═══ Data ═══

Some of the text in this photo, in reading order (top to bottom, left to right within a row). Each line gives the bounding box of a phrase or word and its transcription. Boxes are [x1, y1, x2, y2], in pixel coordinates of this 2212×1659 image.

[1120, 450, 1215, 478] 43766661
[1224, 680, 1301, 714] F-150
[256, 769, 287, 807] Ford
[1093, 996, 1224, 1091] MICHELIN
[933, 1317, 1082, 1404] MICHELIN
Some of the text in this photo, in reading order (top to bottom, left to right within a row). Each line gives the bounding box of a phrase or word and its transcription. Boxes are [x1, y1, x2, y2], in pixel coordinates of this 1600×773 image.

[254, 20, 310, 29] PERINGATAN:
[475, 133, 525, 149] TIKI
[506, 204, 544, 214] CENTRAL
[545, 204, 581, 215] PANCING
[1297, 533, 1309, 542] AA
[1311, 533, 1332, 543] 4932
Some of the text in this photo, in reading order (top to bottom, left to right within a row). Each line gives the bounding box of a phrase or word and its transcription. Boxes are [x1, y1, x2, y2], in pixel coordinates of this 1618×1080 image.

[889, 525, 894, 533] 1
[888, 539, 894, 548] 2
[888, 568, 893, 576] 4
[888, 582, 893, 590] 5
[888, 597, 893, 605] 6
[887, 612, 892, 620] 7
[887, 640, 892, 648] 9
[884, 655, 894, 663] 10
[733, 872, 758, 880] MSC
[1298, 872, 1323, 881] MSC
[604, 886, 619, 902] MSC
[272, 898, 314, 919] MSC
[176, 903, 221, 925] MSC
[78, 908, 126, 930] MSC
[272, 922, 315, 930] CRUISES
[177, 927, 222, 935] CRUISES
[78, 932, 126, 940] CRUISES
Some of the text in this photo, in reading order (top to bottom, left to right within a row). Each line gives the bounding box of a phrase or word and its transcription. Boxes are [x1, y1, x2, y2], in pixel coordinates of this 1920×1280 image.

═══

Exercise details >>
Write out each record exactly, without addition or omission.

Problem solution >>
Some of the text in this photo, in reading order (top to bottom, left to right within a row). Each line gives the bounding box of a phrase or word and its transcription. Boxes are [x1, y1, x2, y2], in pixel coordinates of this 2212×1659 image.

[1120, 450, 1215, 478] 43766661
[1224, 680, 1301, 714] F-150
[256, 769, 287, 807] Ford
[1093, 996, 1224, 1091] MICHELIN
[933, 1317, 1082, 1404] MICHELIN
Some of the text in this photo, in reading order (top to bottom, left to right within a row). Each line gives the bounding box of a phrase or word and its transcription. Boxes are [x1, y1, x2, y2], in pixel coordinates of this 1600×773 image.

[254, 20, 310, 29] PERINGATAN:
[475, 133, 525, 149] TIKI
[506, 204, 544, 214] CENTRAL
[545, 204, 581, 215] PANCING
[1297, 533, 1309, 542] AA
[1311, 533, 1332, 543] 4932
Some of the text in this photo, in reading order (top to bottom, left to right within a row). Each line gives the bounding box of a phrase or word and its transcription. Boxes are [x1, y1, x2, y2], in pixel coordinates of this 1618×1080 image.

[889, 525, 894, 533] 1
[888, 539, 894, 548] 2
[888, 568, 893, 576] 4
[888, 582, 893, 590] 5
[888, 597, 893, 605] 6
[887, 612, 892, 620] 7
[887, 640, 892, 648] 9
[884, 655, 894, 663] 10
[733, 872, 758, 880] MSC
[1298, 872, 1323, 881] MSC
[604, 886, 619, 902] MSC
[272, 898, 314, 919] MSC
[176, 903, 221, 925] MSC
[78, 908, 126, 930] MSC
[272, 922, 315, 930] CRUISES
[177, 927, 222, 935] CRUISES
[78, 932, 126, 940] CRUISES
Some of the text in this photo, in reading order (top to bottom, left to right within a row). Each line gives the bounding box of a phrase or word and its transcription. Boxes are [x1, y1, x2, y2], in pixel coordinates of this 1920×1280 image.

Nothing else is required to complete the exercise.